My sources are saying that the $168 billion in savings figure seems to be something the Republicans are circulating to exaggerate the effects of the proposal, and is apparently the total over decades, possibly over 75 years. The savings over 10 years seems to be about $5 billion,which sounds like a lot but given the size of the program is not really that much.

What the proposed DI legislation calls for, as I read the discussion draft which is as of 11:30 PM Monday night Oct. 26th.

Section 811 – Expansion of Cooperative Disability Investigations Units – requires SSA to expand arrangements to work with local authorities to investigate I presume disability fraud.
Section 812 – excludes evidence, in DI determinations, from anyone or any entity previously convicted of Medicare or Medicaid fraud (I think that’s the main thrust, although it might be broader than that)
Section 813 – beefs up penalties for Social Security fraud generally, and suspends or terminates benefits for anyone penalized for fraudulently concealing work activity.
Section 814 – electronic communications – inconsequential
Section 815 – changes in administrative funding for redeterminations of eligibility under SSI – doesn’t affect benefit amounts as far as I can see.

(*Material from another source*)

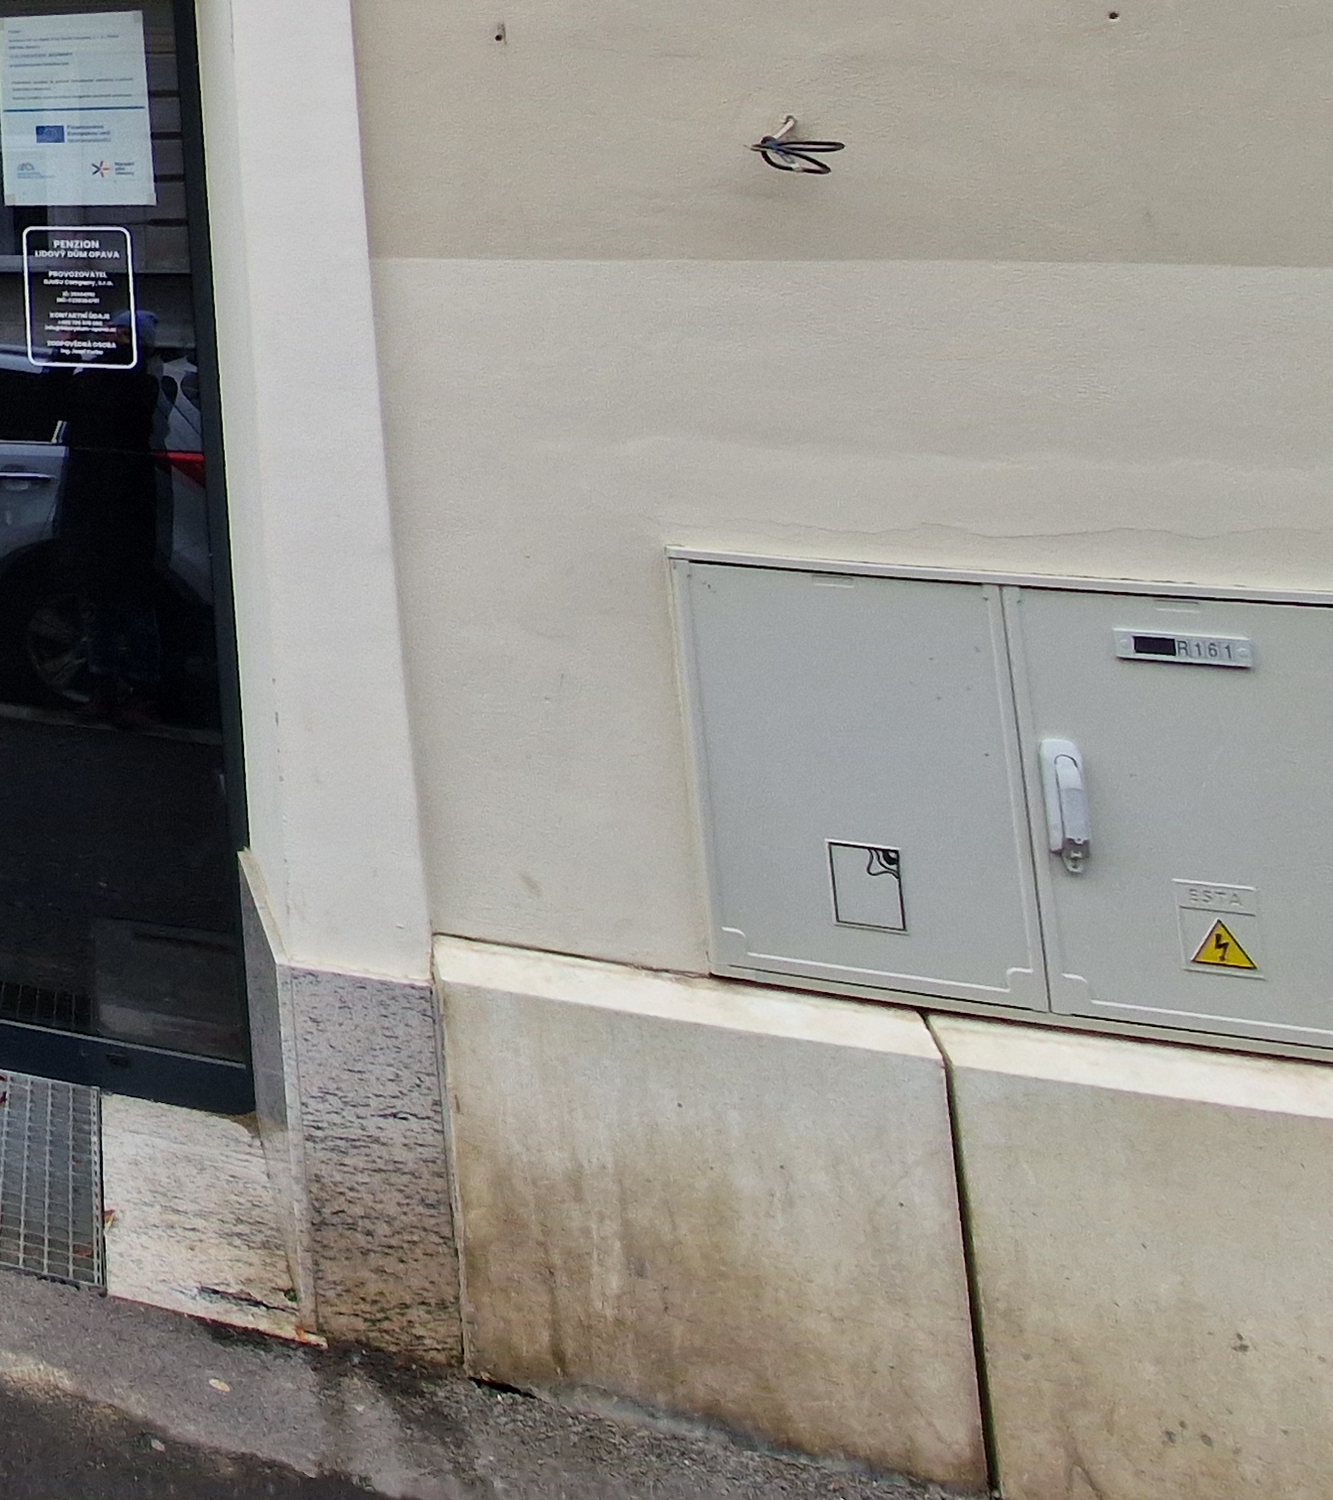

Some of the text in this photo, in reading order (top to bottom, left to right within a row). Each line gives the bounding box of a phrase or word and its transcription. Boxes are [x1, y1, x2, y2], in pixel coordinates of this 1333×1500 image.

Subtitle B – titled Promoting opportunity for Disability beneficiaries

Section 821 and 822 – reauthorization of existing program of DI demonstration projects designed to help DI beneficiaries return to work if they are able
Section 823 – new demo project authority to allow partial monthly payments for DI beneficiaries participating in the project and returning to work – essentially, offsetting their benefits $1 for every $2 earned, but not affecting their fundamental entitlement to benefits so that they can return to full benefit payments if the work effort cannot be sustained. [This kind of thing has been talked about for decades, as a way to encourage people to try to work without endangering their benefit eligibility.] This is demonstration project authority only – I don’t see any requirement that any beneficiary participate in such projects.
824 – Administrative changes in payroll data to get more information on whether DI beneficiaries are working for pay.
832 – Requirement for medical review – no determination of disability can be made until SSA has made reasonable effort to ensure a qualified psychiatrist or psychologist, for mental impairments, and qualified physician for physical impairment, has completed the medical portion of the case review and functional capacity assessment.

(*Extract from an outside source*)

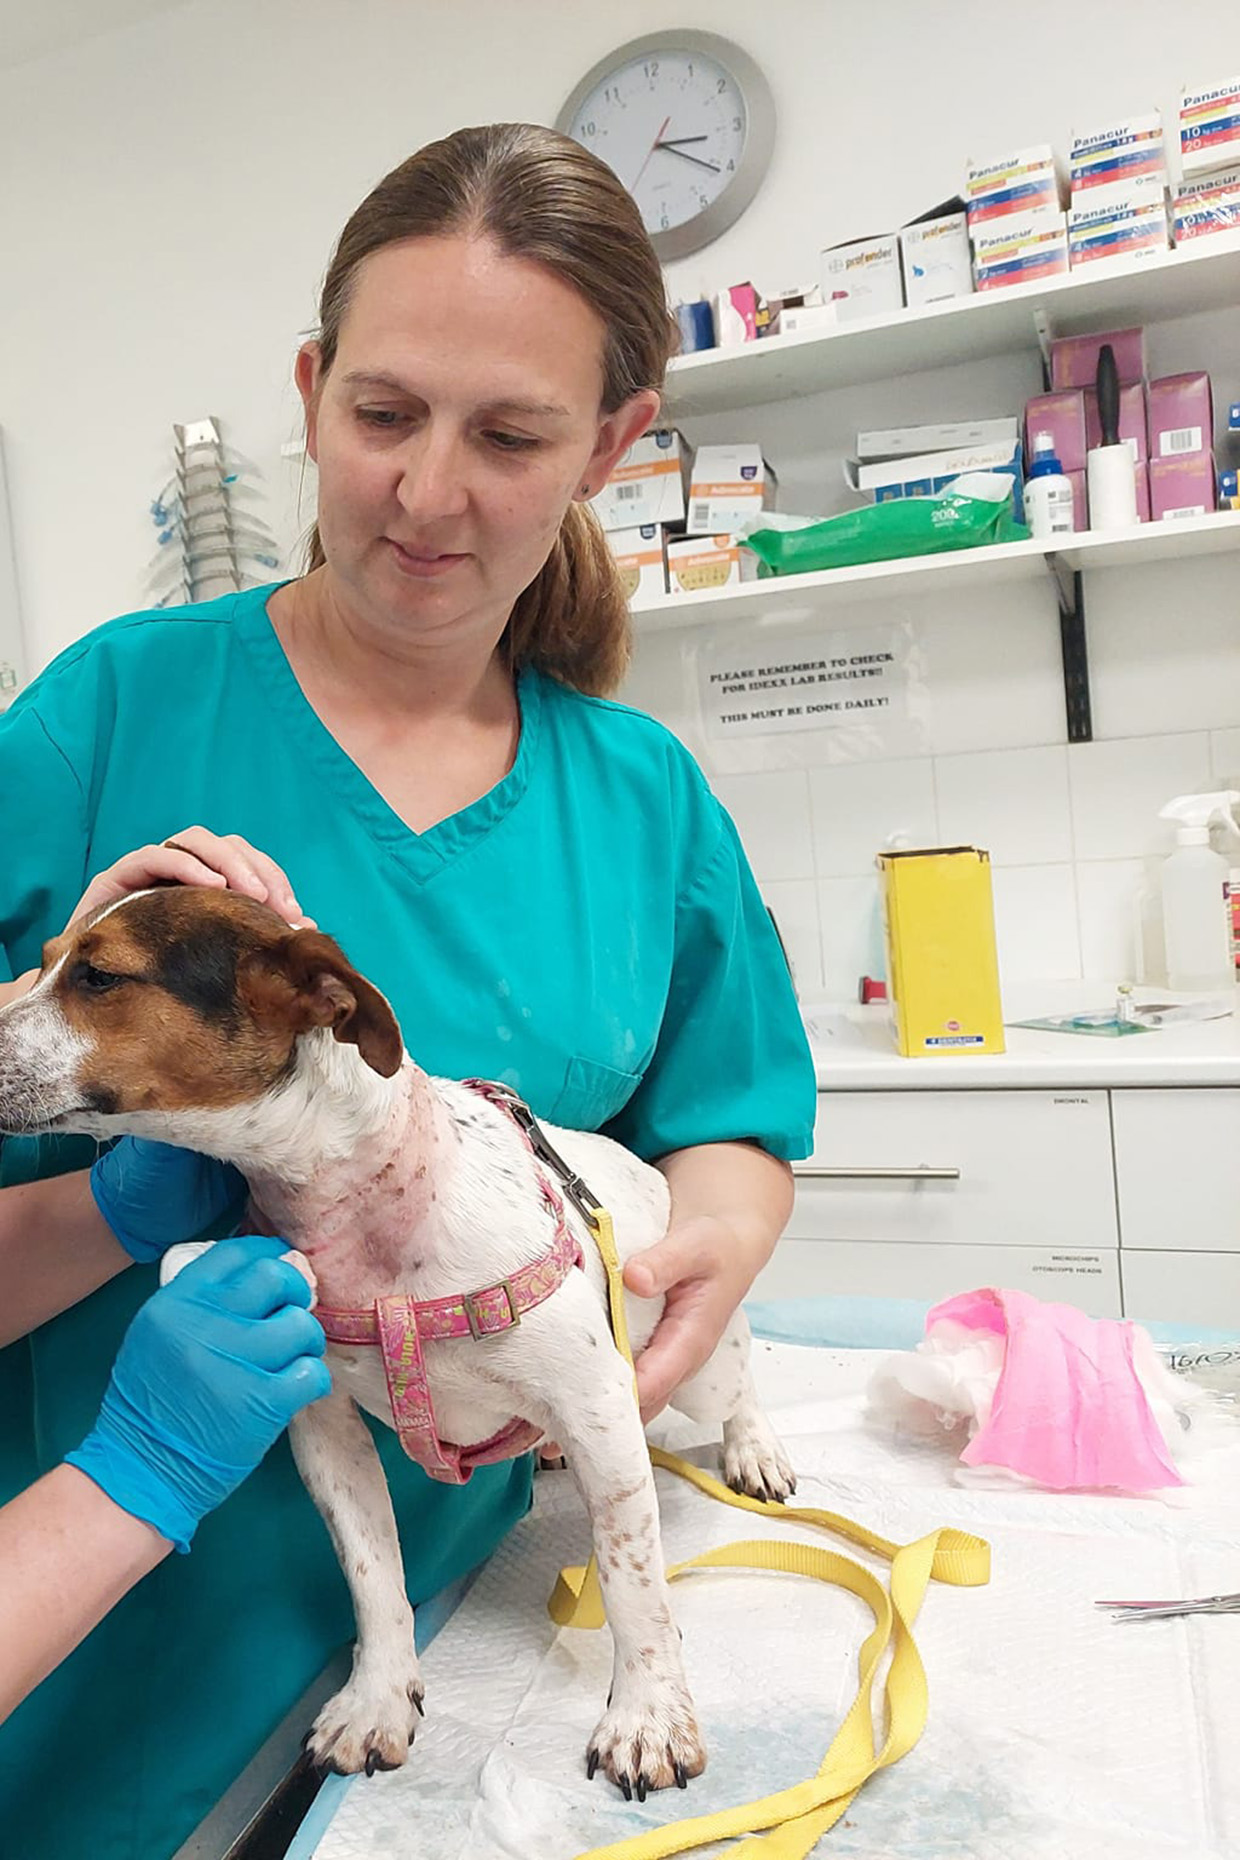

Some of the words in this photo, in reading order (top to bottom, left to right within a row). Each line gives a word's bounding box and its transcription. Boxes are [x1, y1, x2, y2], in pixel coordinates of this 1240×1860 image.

There is nothing particularly earth shattering in here. The best news for DI beneficiaries is that in other sections of the bill, they are authorizing the transfer of funds from the OASI trust fund to the DI trust fund to make up the shortfall and prevent any cuts in current benefits.

About Geordie 1 Article
Retired law professor, living in Florida, wishing she were in Seattle

15 Comments

  1. This seems like very good news indeed:

    The best news for DI beneficiaries is that in other sections of the bill, they are authorizing the transfer of funds from the OASI trust fund to the DI trust fund to make up the shortfall and prevent any cuts in current benefits.

  2. I hope you don’t mind if I use this post to discuss Medicare and Social Security “reform”.

    Here is what Jeb! says about Medicare and Social Security:

    First, I’ll work to implement bipartisan Medicare premium support (where Medicare provides seniors with a fixed amount toward a set of guaranteed coverage options):

    Seniors will still get a simple brochure in the mail from the government every fall. They will be able to review and choose from their local options from Humana, Anthem, United or another private plan, or traditional Medicare. Seniors will have access to new options, like plans that specialize in treating congestive heart failure or diabetes or Alzheimer’s.

    Tech-savvy or homebound seniors might choose a plan the covers the ability to talk to their doctors with technology like video on their laptop, tablet, or smartphone. The government will base its payments on the average price of those competing plans. And premiums will be lower for seniors by 6 percent on average.

    Representative Paul Ryan (R-WI) and other courageous conservatives have championed this approach to improve the structure of Medicare. If we act now, we can leave the next generation of Americans with a more prosperous future.

    Vouchers. And if the coverage you choose is not right for you, then “die but die quickly, please”. The please is added because he wants the olds to realize he is a nice young man and please vote for him.

    On Social Security:

    First, I’ll encourage private saving to reduce dependency on the government.

    While access to private retirement accounts is at an all-time high, more can be done to help workers in small businesses. Under my plan, small businesses who cannot afford to contribute toward workers’ retirement plans can set up “starter 401(K)s” for their workers, and businesses would have the ability to pool together to access a single retirement savings plan, which will save administrative costs and reduce complexity.

    Additionally, I’ll stop the Obama Administration’s proposed regulations to limit consumers’ choice of financial advisors and drive up the costs of private saving. Instead, I will review and streamline regulations that add unnecessary costs and make it difficult for individuals to save.

    Second, we need to recognize that Americans are living longer, healthier lives, and we should make it easier for those who choose to work longer.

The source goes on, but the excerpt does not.